(Given information)
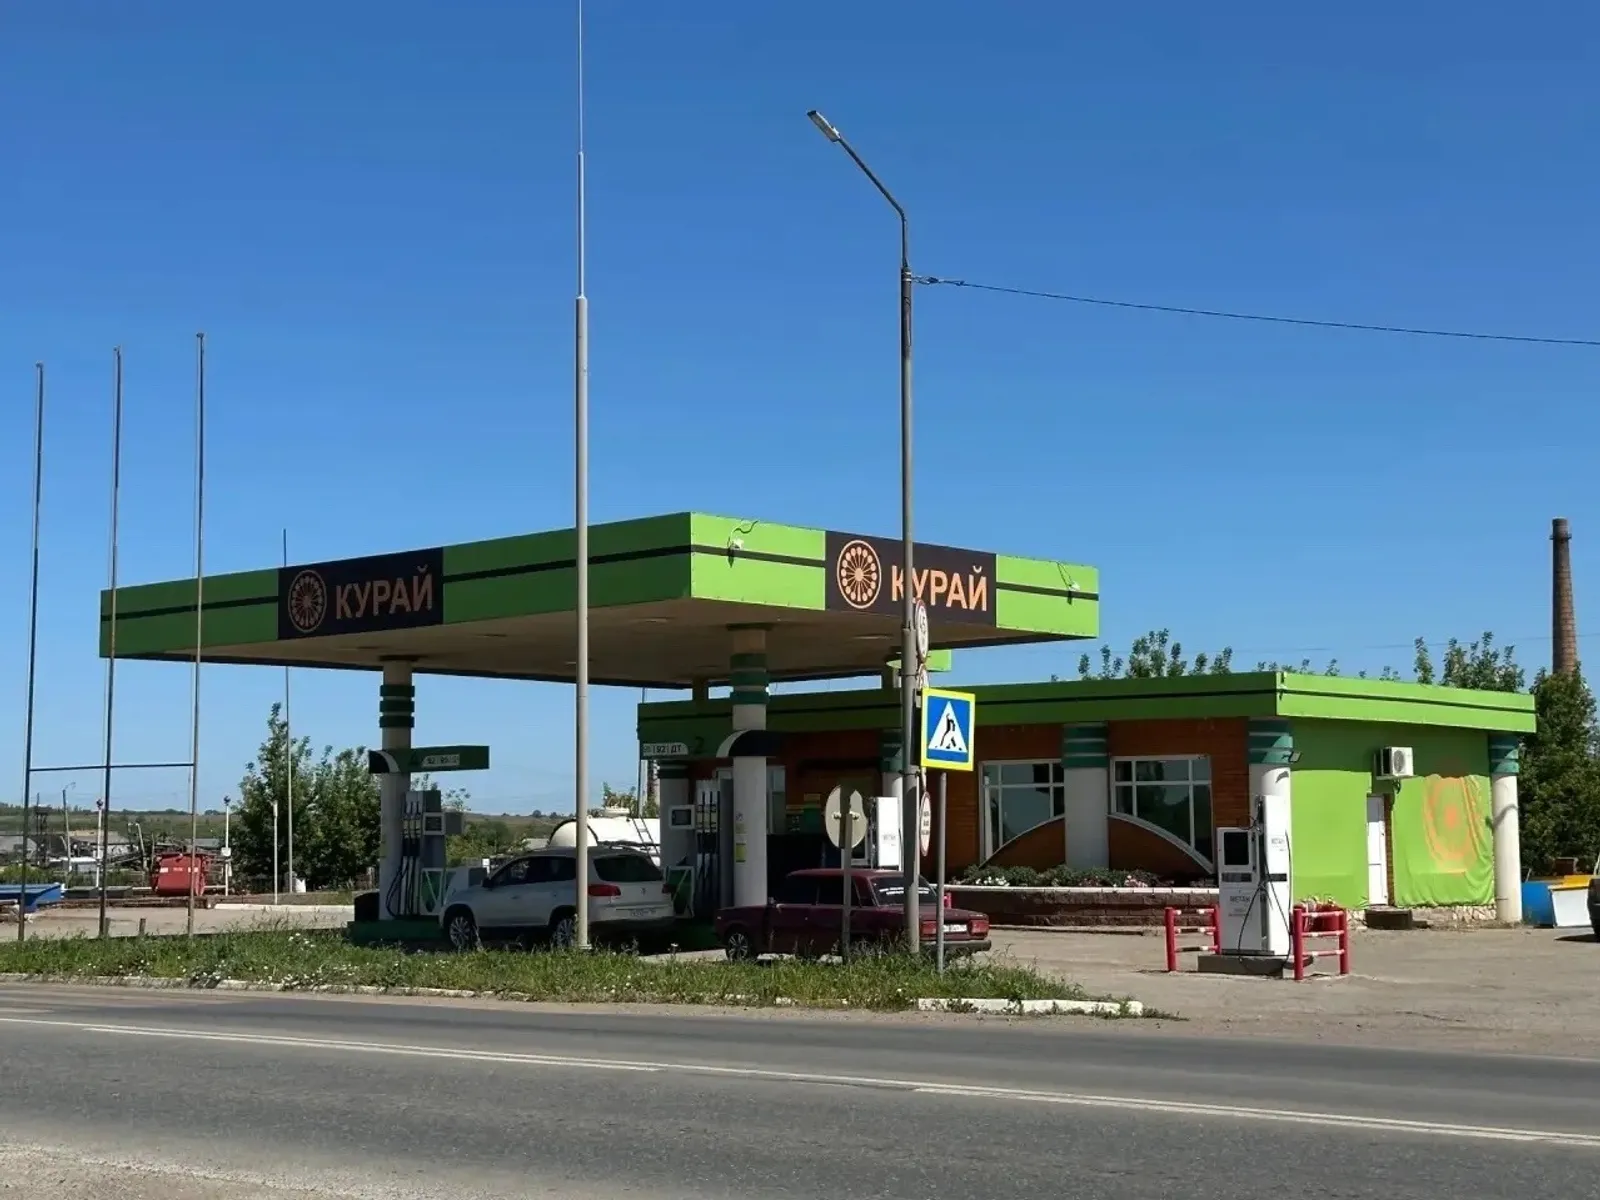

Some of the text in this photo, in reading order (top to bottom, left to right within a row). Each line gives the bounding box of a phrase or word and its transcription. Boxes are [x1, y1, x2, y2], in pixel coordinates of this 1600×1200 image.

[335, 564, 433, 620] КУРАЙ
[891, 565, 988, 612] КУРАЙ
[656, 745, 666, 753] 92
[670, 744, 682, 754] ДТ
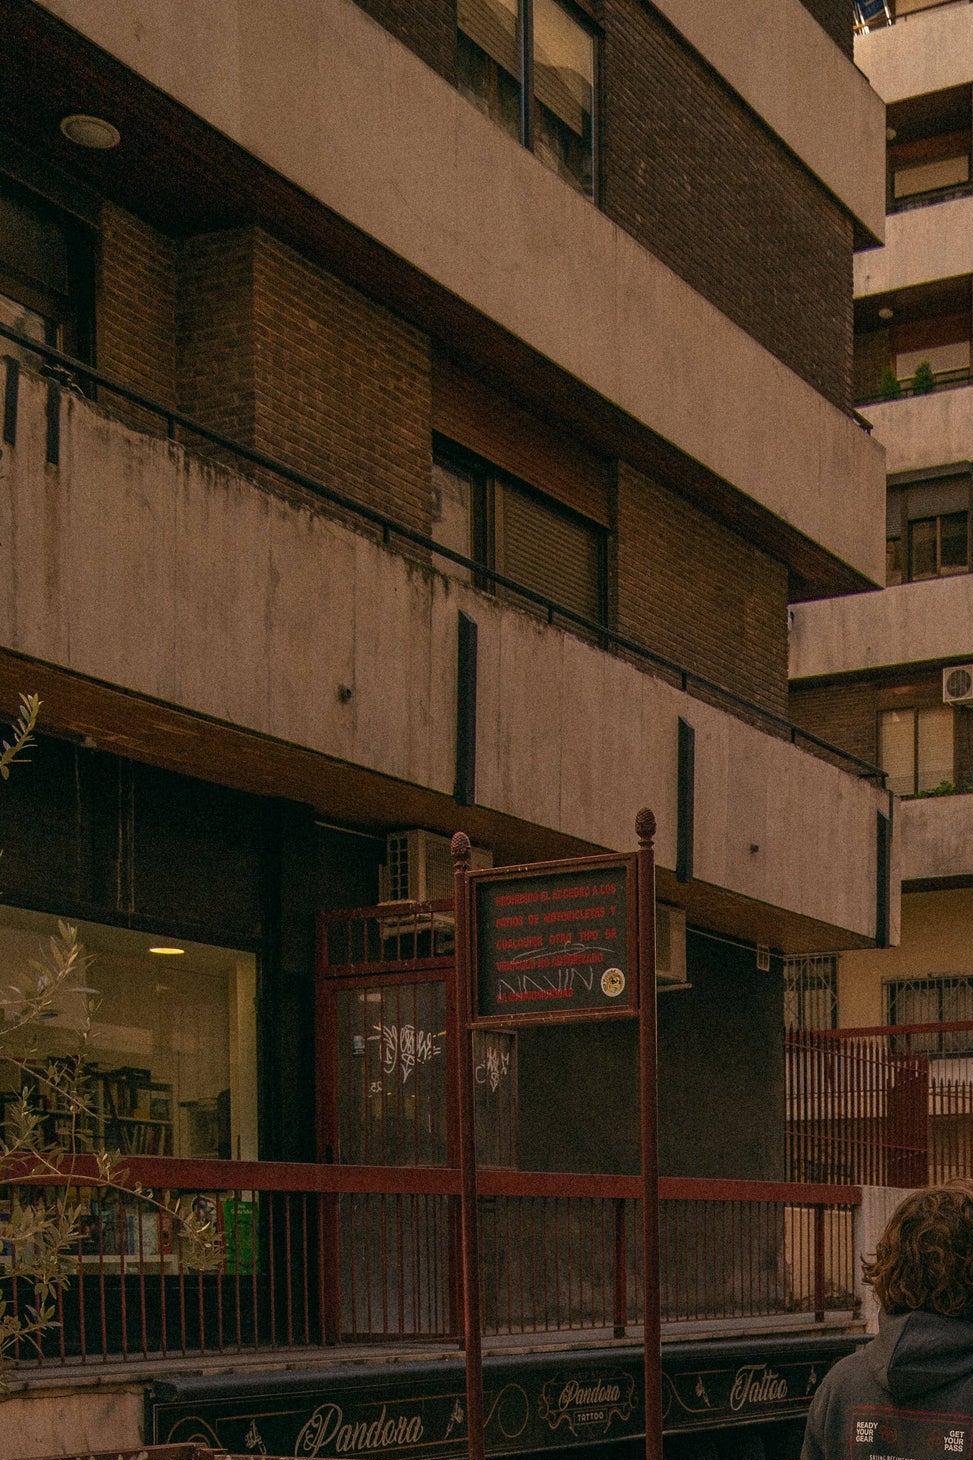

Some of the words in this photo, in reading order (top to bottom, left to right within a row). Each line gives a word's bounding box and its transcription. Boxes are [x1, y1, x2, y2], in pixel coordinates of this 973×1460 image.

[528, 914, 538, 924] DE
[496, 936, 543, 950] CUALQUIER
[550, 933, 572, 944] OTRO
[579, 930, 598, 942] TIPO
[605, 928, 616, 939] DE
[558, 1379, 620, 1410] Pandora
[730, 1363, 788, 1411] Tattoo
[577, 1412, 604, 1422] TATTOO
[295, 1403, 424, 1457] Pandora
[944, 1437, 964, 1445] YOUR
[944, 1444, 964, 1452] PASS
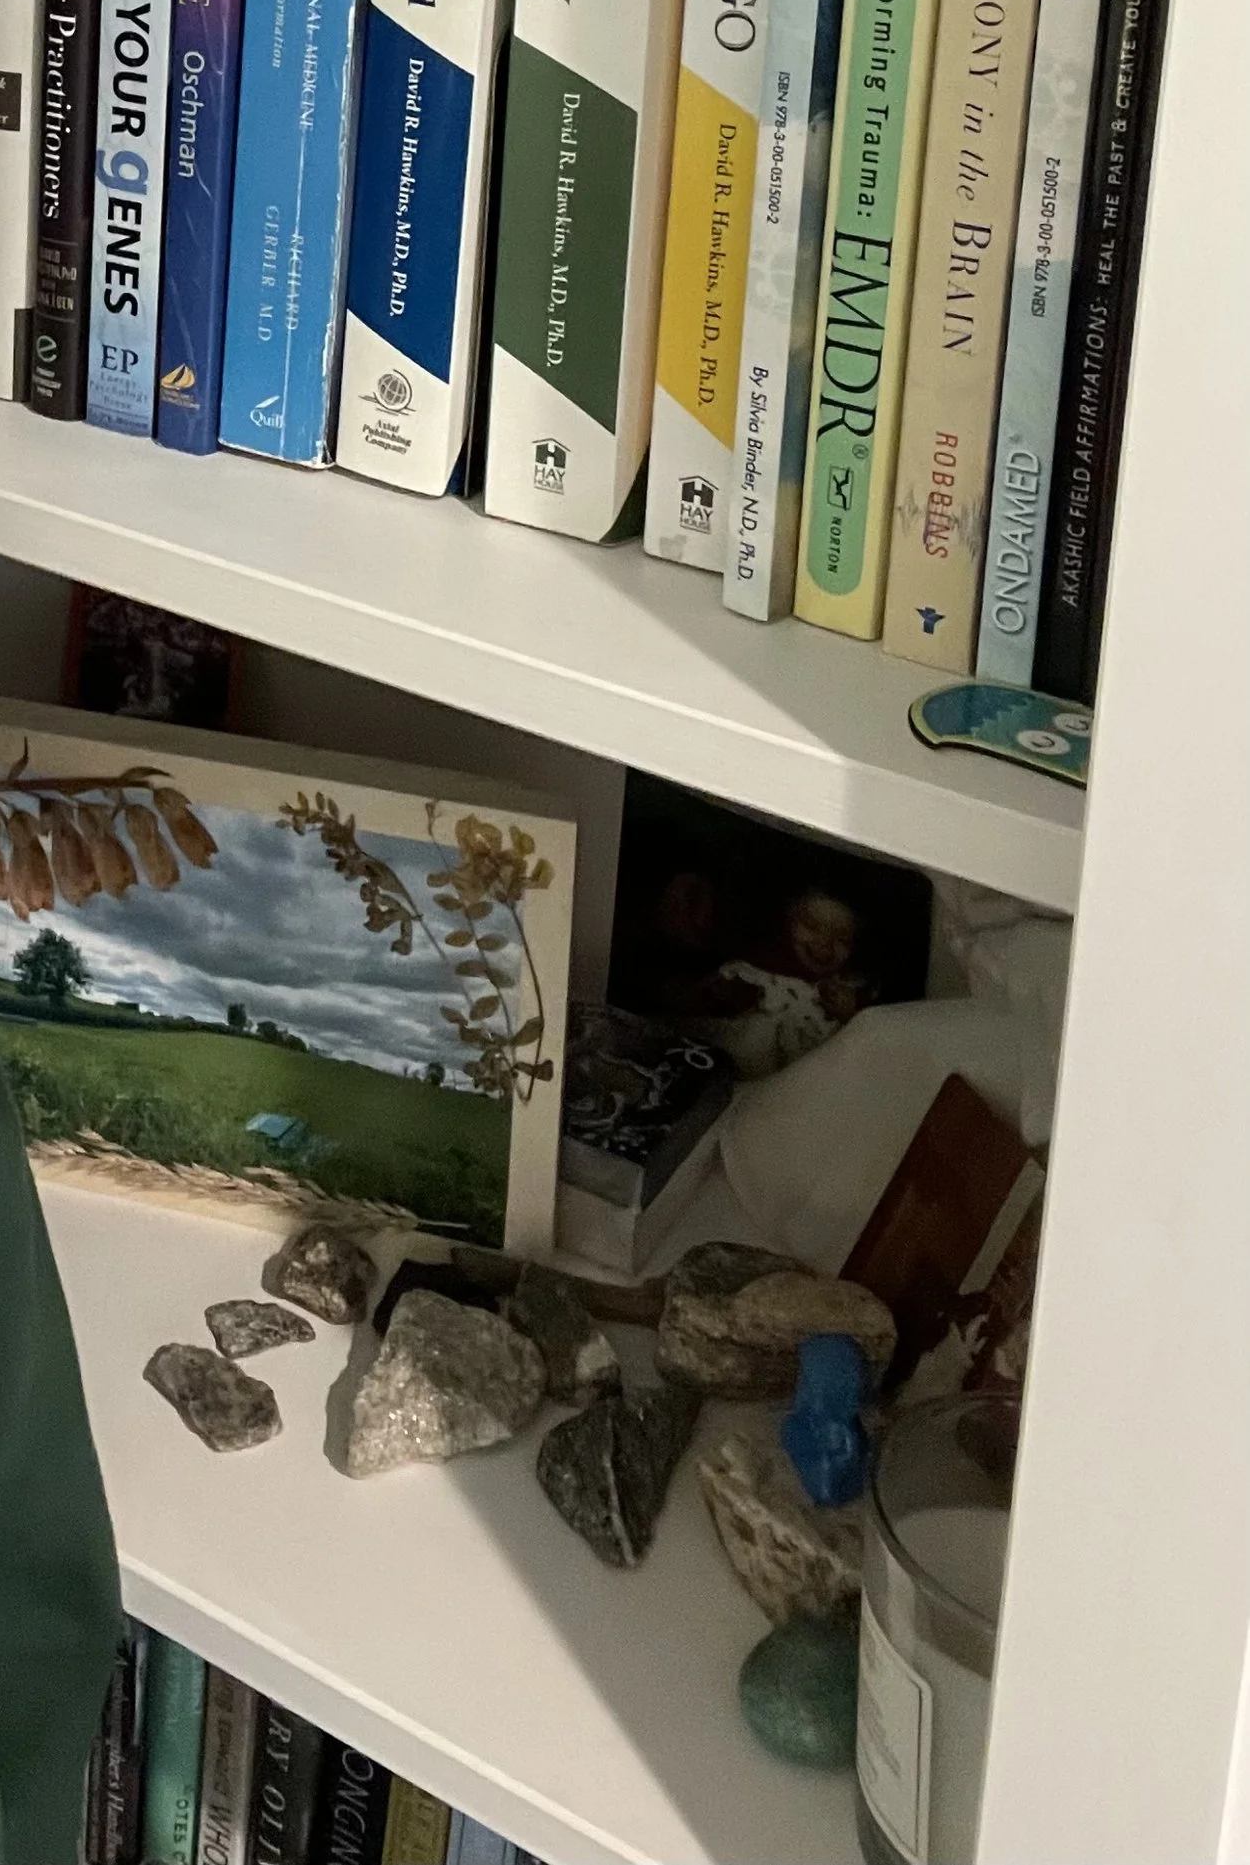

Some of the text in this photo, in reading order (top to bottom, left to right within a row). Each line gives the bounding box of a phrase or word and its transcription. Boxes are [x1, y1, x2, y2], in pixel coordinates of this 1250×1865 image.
(End Given information)
> Required action: Reproduce the records verbatim, omitting all images they contain.

> Answer to this problem:
Some of the text in this photo, in reading order (top to bottom, left to right within a row). Each line gives the bounding box of a phrase or word and its transcription. Boxes are [x1, y1, x2, y2], in pixel coordinates of this 1600×1200 image.

[335, 564, 433, 620] КУРАЙ
[891, 565, 988, 612] КУРАЙ
[656, 745, 666, 753] 92
[670, 744, 682, 754] ДТ

Some of the words in this photo, in reading order (top to bottom, left to right within a row). Each line gives a word's bounding box and its transcription. Boxes are [x1, y1, x2, y2], in pixel coordinates of this 973×1460 image.

[528, 914, 538, 924] DE
[496, 936, 543, 950] CUALQUIER
[550, 933, 572, 944] OTRO
[579, 930, 598, 942] TIPO
[605, 928, 616, 939] DE
[558, 1379, 620, 1410] Pandora
[730, 1363, 788, 1411] Tattoo
[577, 1412, 604, 1422] TATTOO
[295, 1403, 424, 1457] Pandora
[944, 1437, 964, 1445] YOUR
[944, 1444, 964, 1452] PASS

Some of the text in this photo, in reading order (top to bottom, left to right within a row). Each line gives the bounding box of a phrase or word and its transcription. Boxes are [x1, y1, x2, y2], in pixel coordinates of this 1250×1865 image.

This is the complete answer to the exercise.